Rust: It affected everything, knowing that we had 22 episodes guaranteed ahead of us. It not only let us stretch our legs with the storytelling and do something that was a little more patient, but also push it a little further in terms of, will you like the characterizations of these people? I think if we were going week to week, we would have been like, “All right, we have to have it by episodes two and three that they save the cat!”
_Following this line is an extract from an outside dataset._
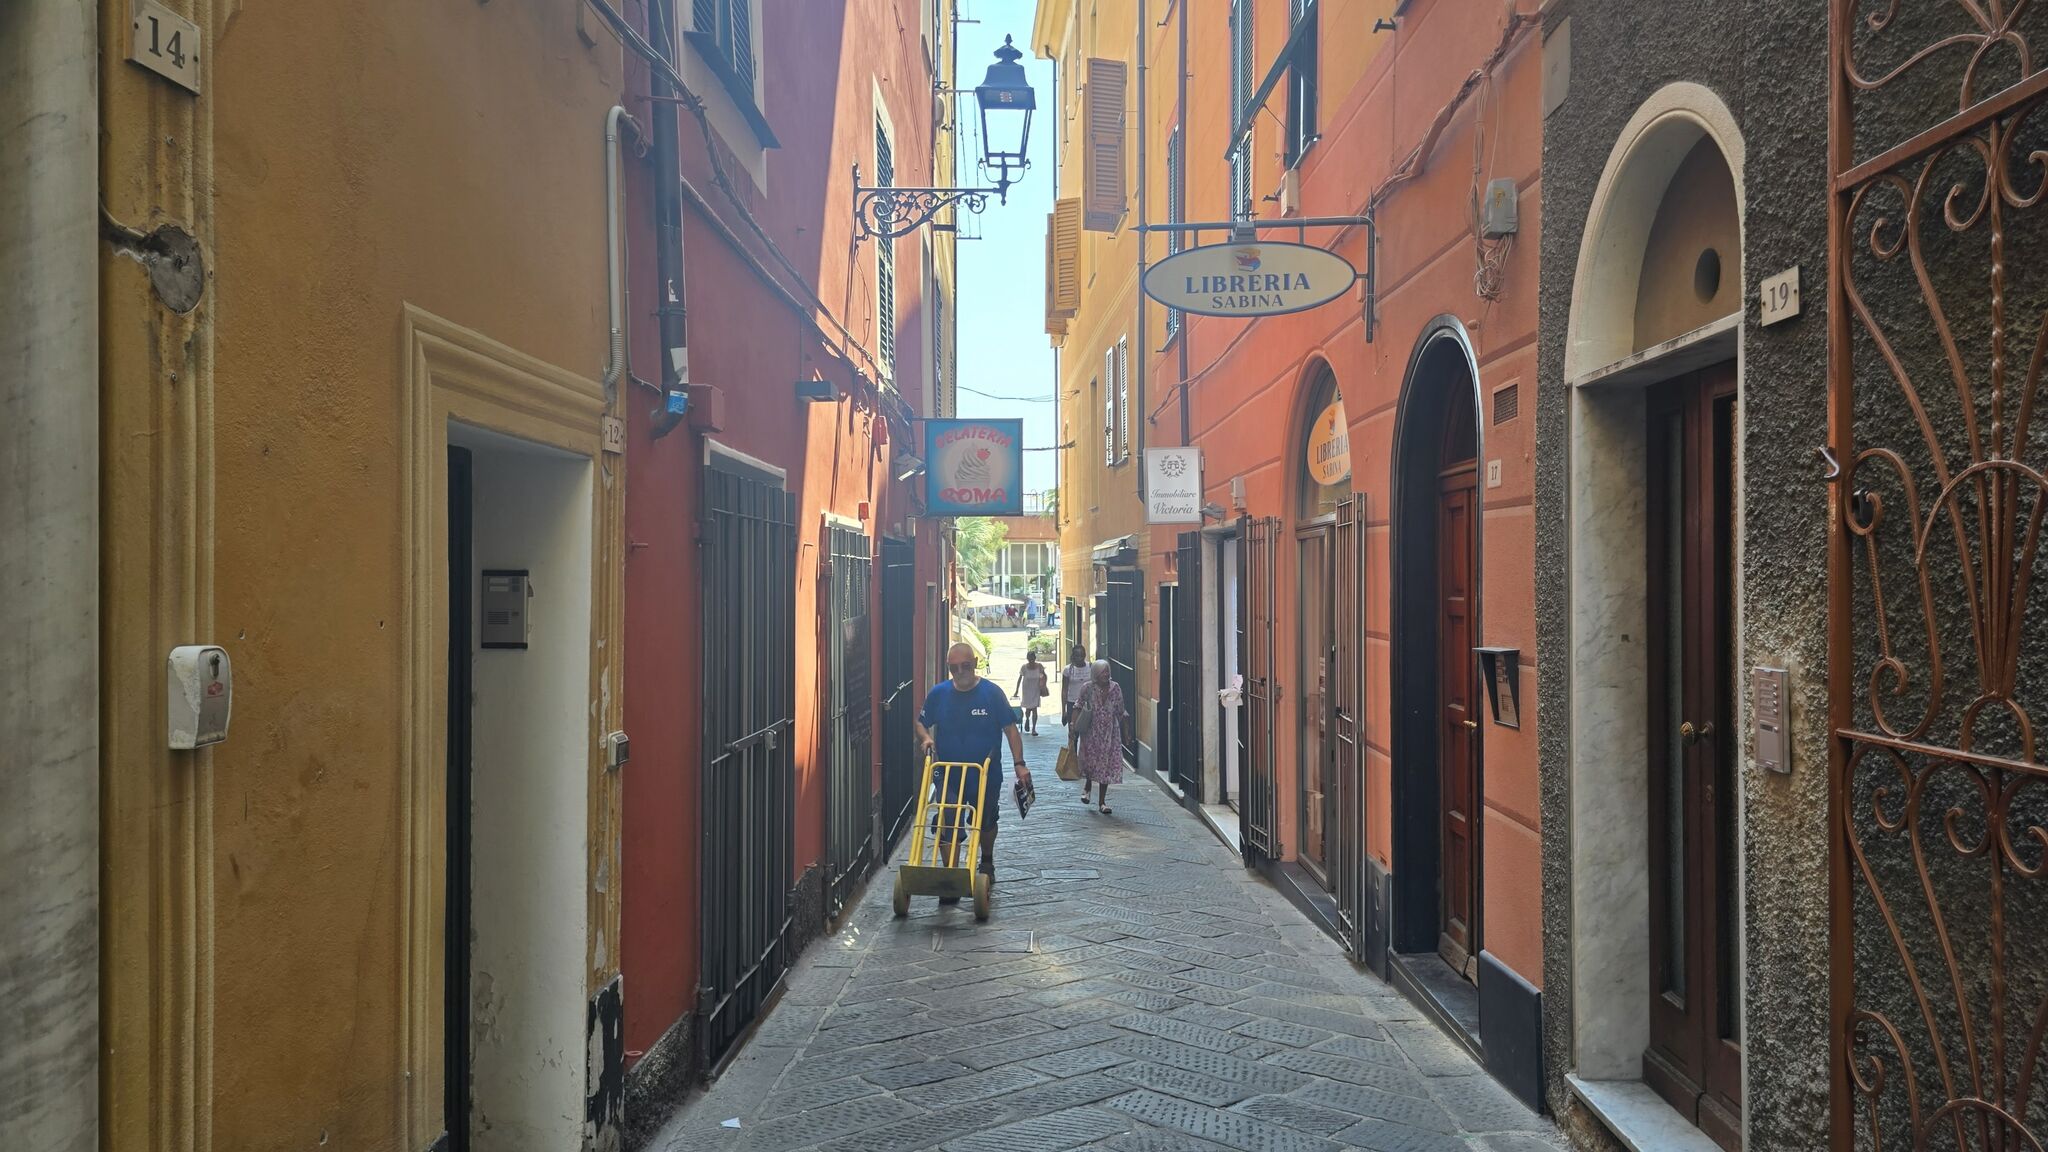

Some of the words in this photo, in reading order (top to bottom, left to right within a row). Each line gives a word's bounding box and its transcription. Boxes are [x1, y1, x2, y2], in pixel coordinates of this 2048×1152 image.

Jacobs: Instead, in episode 10 we save the cat!

What can we expect from the second season?

Rust: Season 2 is still continuing this thing that we set up in a way that resembles our experiences, which is like, missed connections, expectations that are either met or unfulfilled. And with this one, I think it’s specifically just the two characters recognizing that they want to try to make it work.
Jacobs: The thing that I like about this show is that there are no neat resolutions to issues that these characters are facing; they continue to grapple with them, and they might make progress, but they’re still struggling with other things. And, a lot of great actors. That’s the other thing—beyond Iris and Claudia, there’s just so many great actors on this show, and selfishly, that’s just so much fun.